George Joyliffe (1621–1658), sometimes Latinised as Iolivius or Jolivius, was an English anatomist and physician. He discovered the lymphatics of the liver in collaboration with Glisson and was one of three (together with Rudbeck and Bartholine) to have discovered the lymphatic system independently at about the same time.[1]
George Joyliffe, the son of John Joyliffe of East Stower, Dorsetshire, was born there in 1621. In 1637, when sixteen years old, he became a member of Wadham College, Oxford, but migrated to Pembroke College, whence he graduated BA in June 1640, and MA in April 1643. He served as a lieutenant in the Royal Army under Lord Hopton in 1643. He studied medicine under Thomas Clayton, Master of Pembroke College, and Regius Professor of Physic, and in April 1650 entered Clare Hall, Cambridge, as a fellow-commoner, became acquainted with Francis Glisson, the Regius Professor of Physic, and took the degree of MD on 1 July 1652.[2]

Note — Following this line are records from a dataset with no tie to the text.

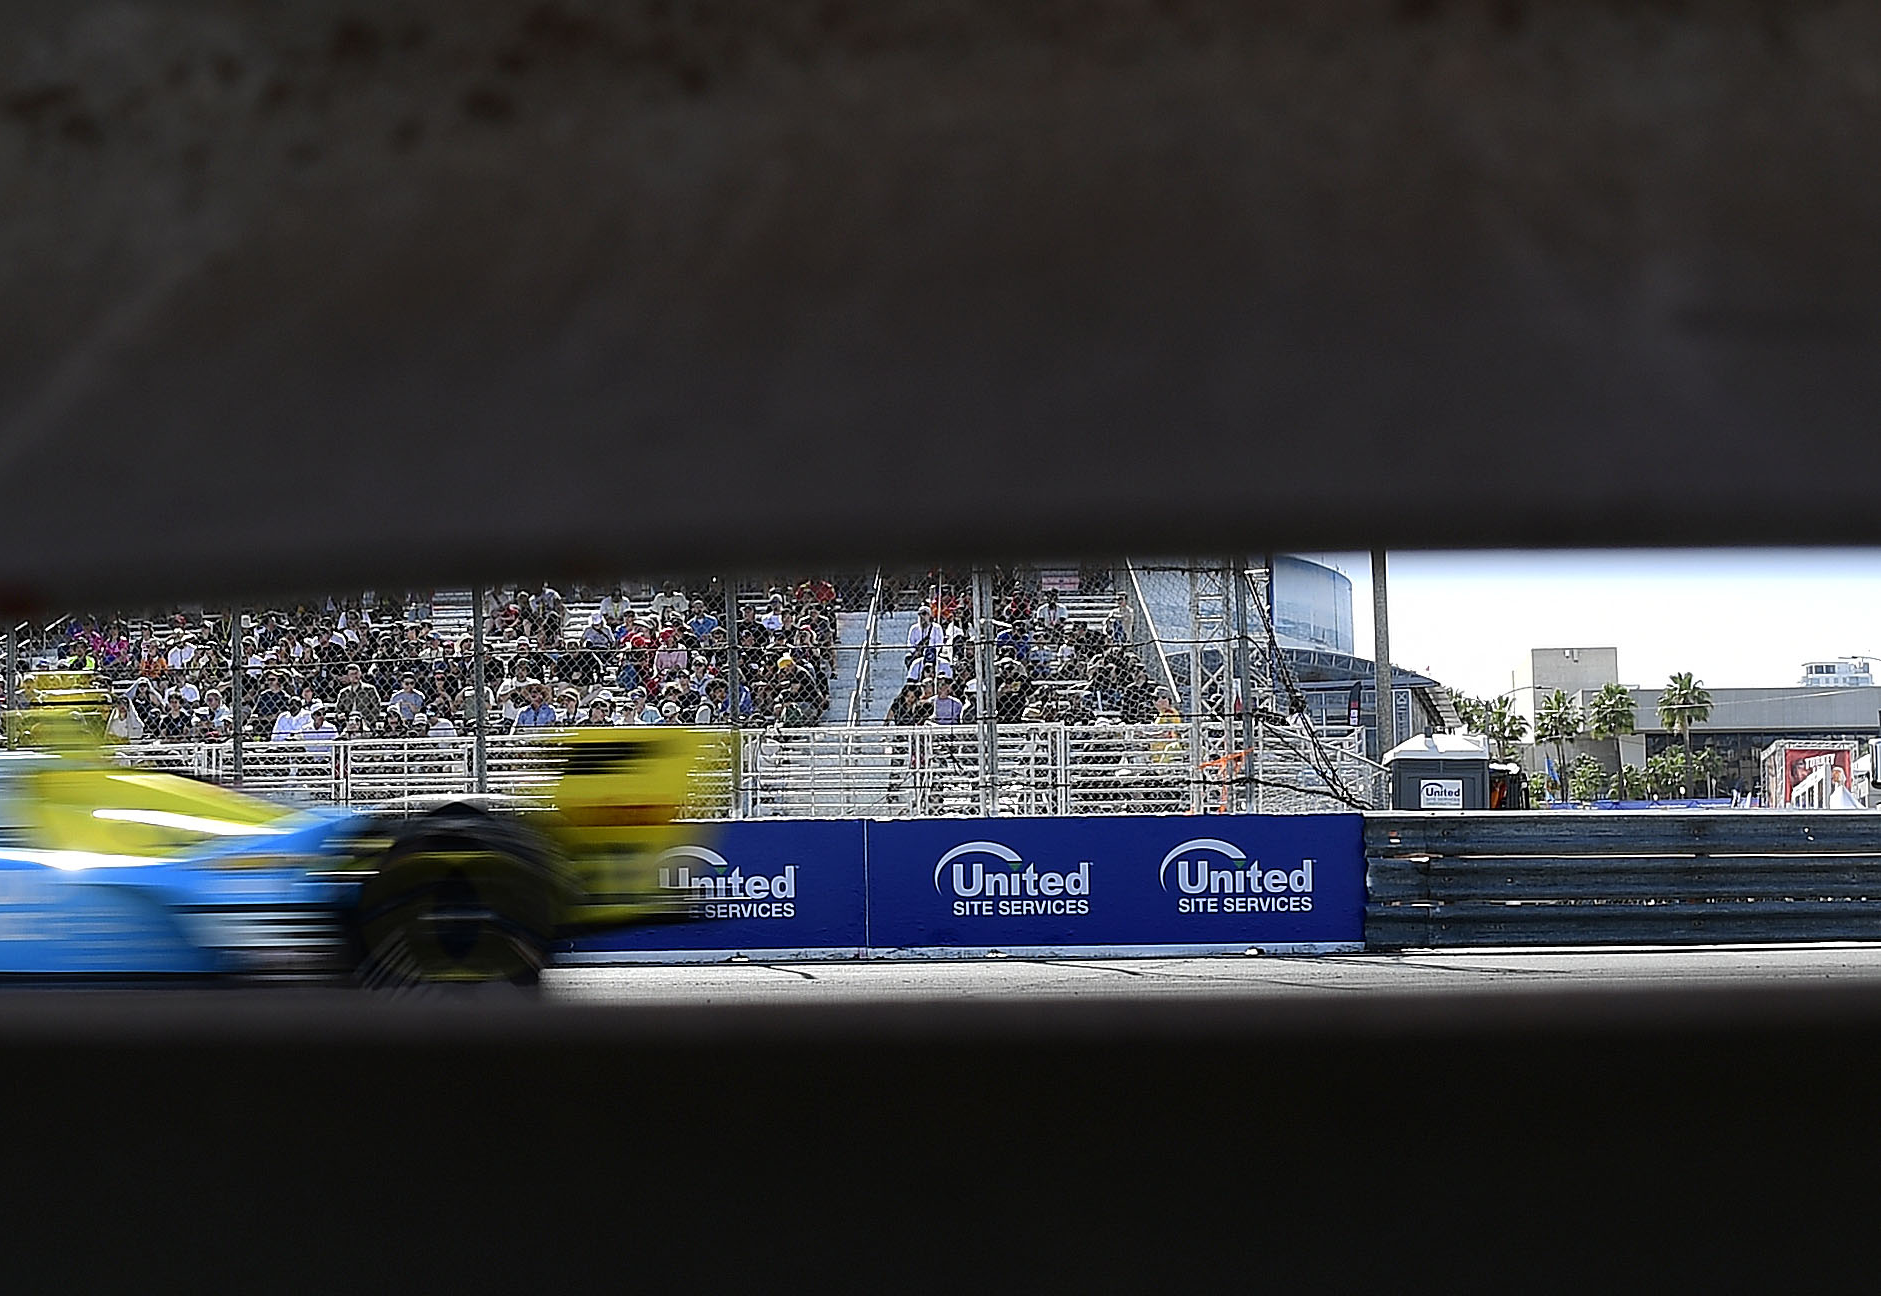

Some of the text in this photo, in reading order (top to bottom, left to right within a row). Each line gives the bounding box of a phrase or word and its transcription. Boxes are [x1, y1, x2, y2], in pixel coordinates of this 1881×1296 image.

[1426, 788, 1460, 797] United
[659, 865, 795, 899] United
[952, 862, 1089, 897] United
[1178, 859, 1312, 894] United
[705, 902, 795, 918] SERVICES
[953, 900, 1089, 915] SITE SERVICES
[1178, 897, 1312, 913] SITE SERVICES
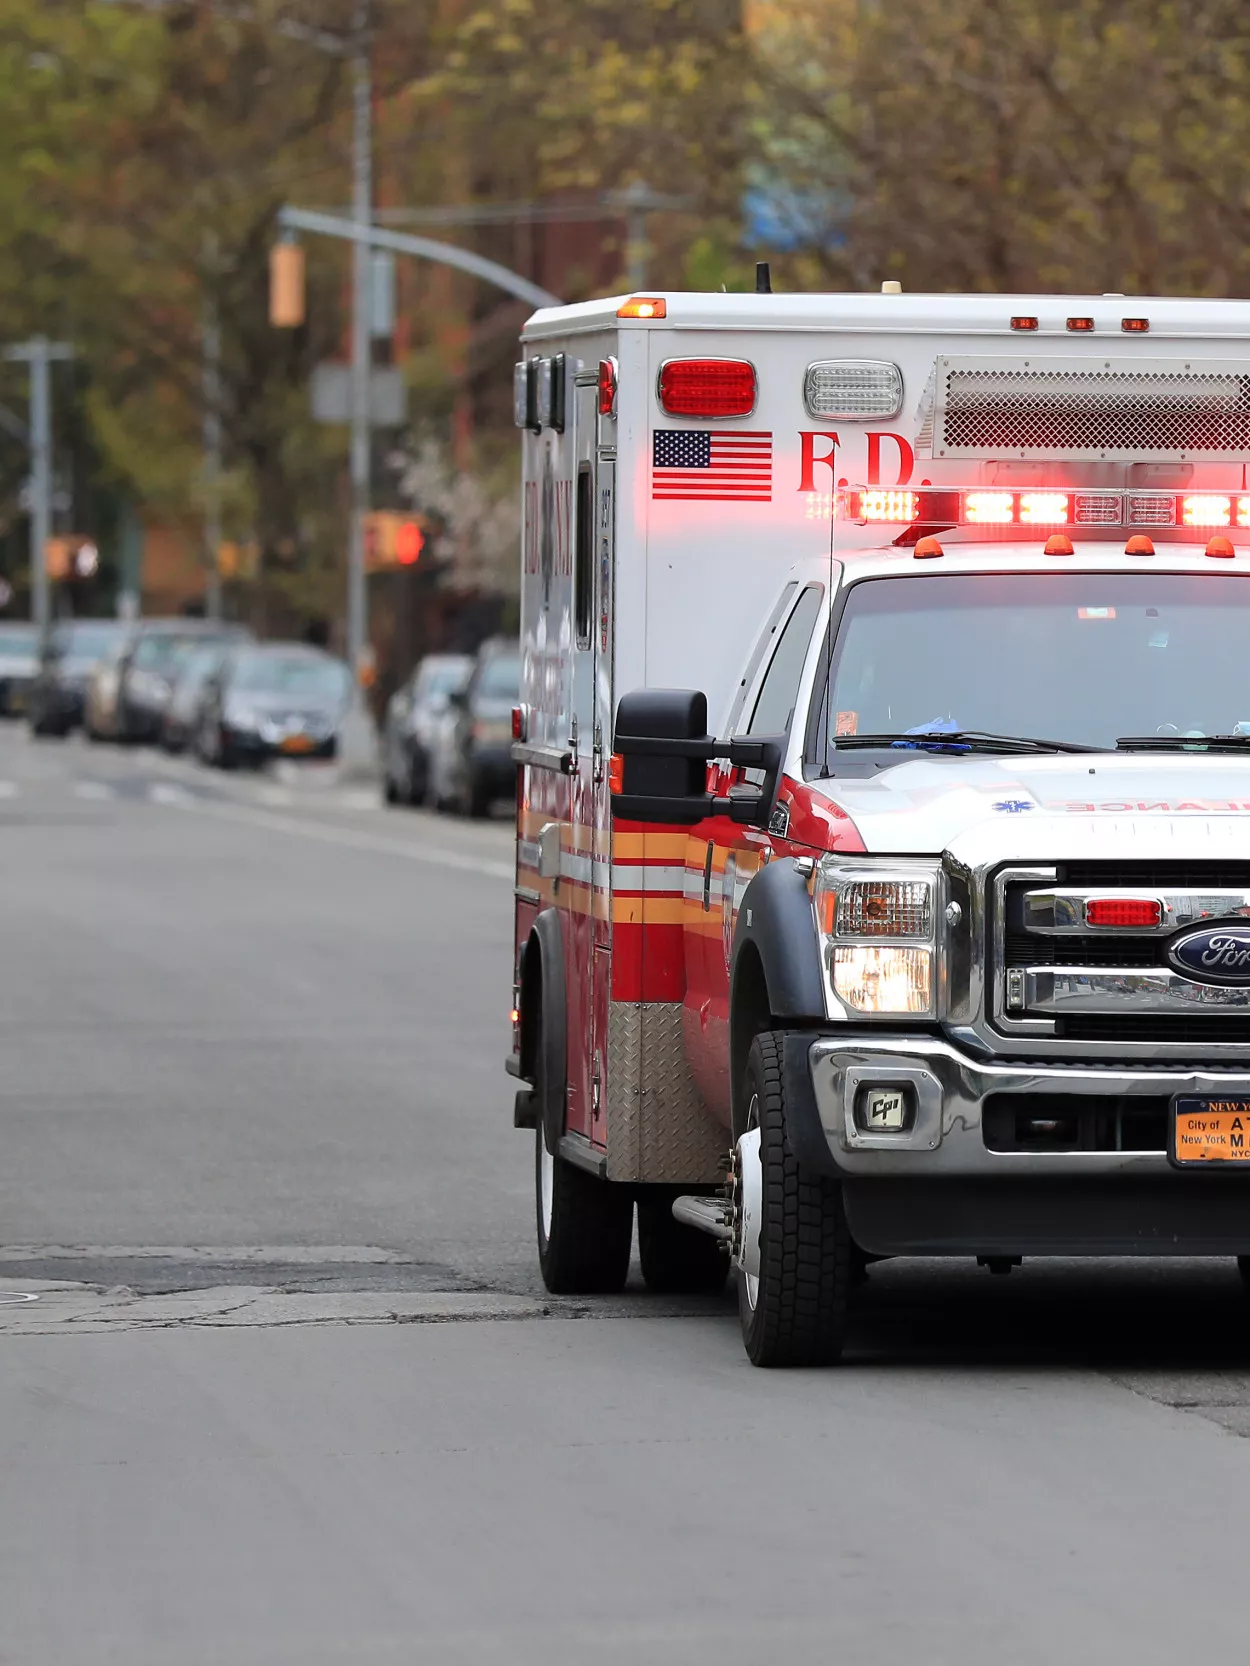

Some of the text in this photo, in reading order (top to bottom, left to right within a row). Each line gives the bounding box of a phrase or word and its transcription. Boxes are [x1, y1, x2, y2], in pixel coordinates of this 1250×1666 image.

Joyliffe told Glisson when he called on him to make the necessary arrangements for graduation, that besides arteries, veins, and nerves, a fourth and distinct set of vessels existed, distributed to several parts of the body, and containing a watery humour. He had, he said, made out these vessels in numerous animals and in several parts of the body, and he was sure that the fluid contained in them moved towards the mesentery, and especially towards the beginning of it.[3] Glisson's statement, first published in 1654, is conclusive evidence as to the originality of Joyliffe's anatomical discovery of the lymph ducts, and was no doubt made then because of the publications of Rudbeck (Exercitatio exhibens ductus Hepaticos Aquosos et Vasa Glandularum Serosa, Westeräs, 1653) and of Thomas Bartholinus (Vasa Lymphatica, Copenhagen, 1653), both anatomists who had also dissected out the main lymphatic trunks. Joyliffe did not himself make his discovery known in print.
Joyliffe was admitted a Candidate of the College of Physicians on 4 April 1653, lectured there on the vasa lymphatica, and was elected a Fellow on 25 June 1658. His house was on Garlick Hill, London, and there he died on 11 November 1658.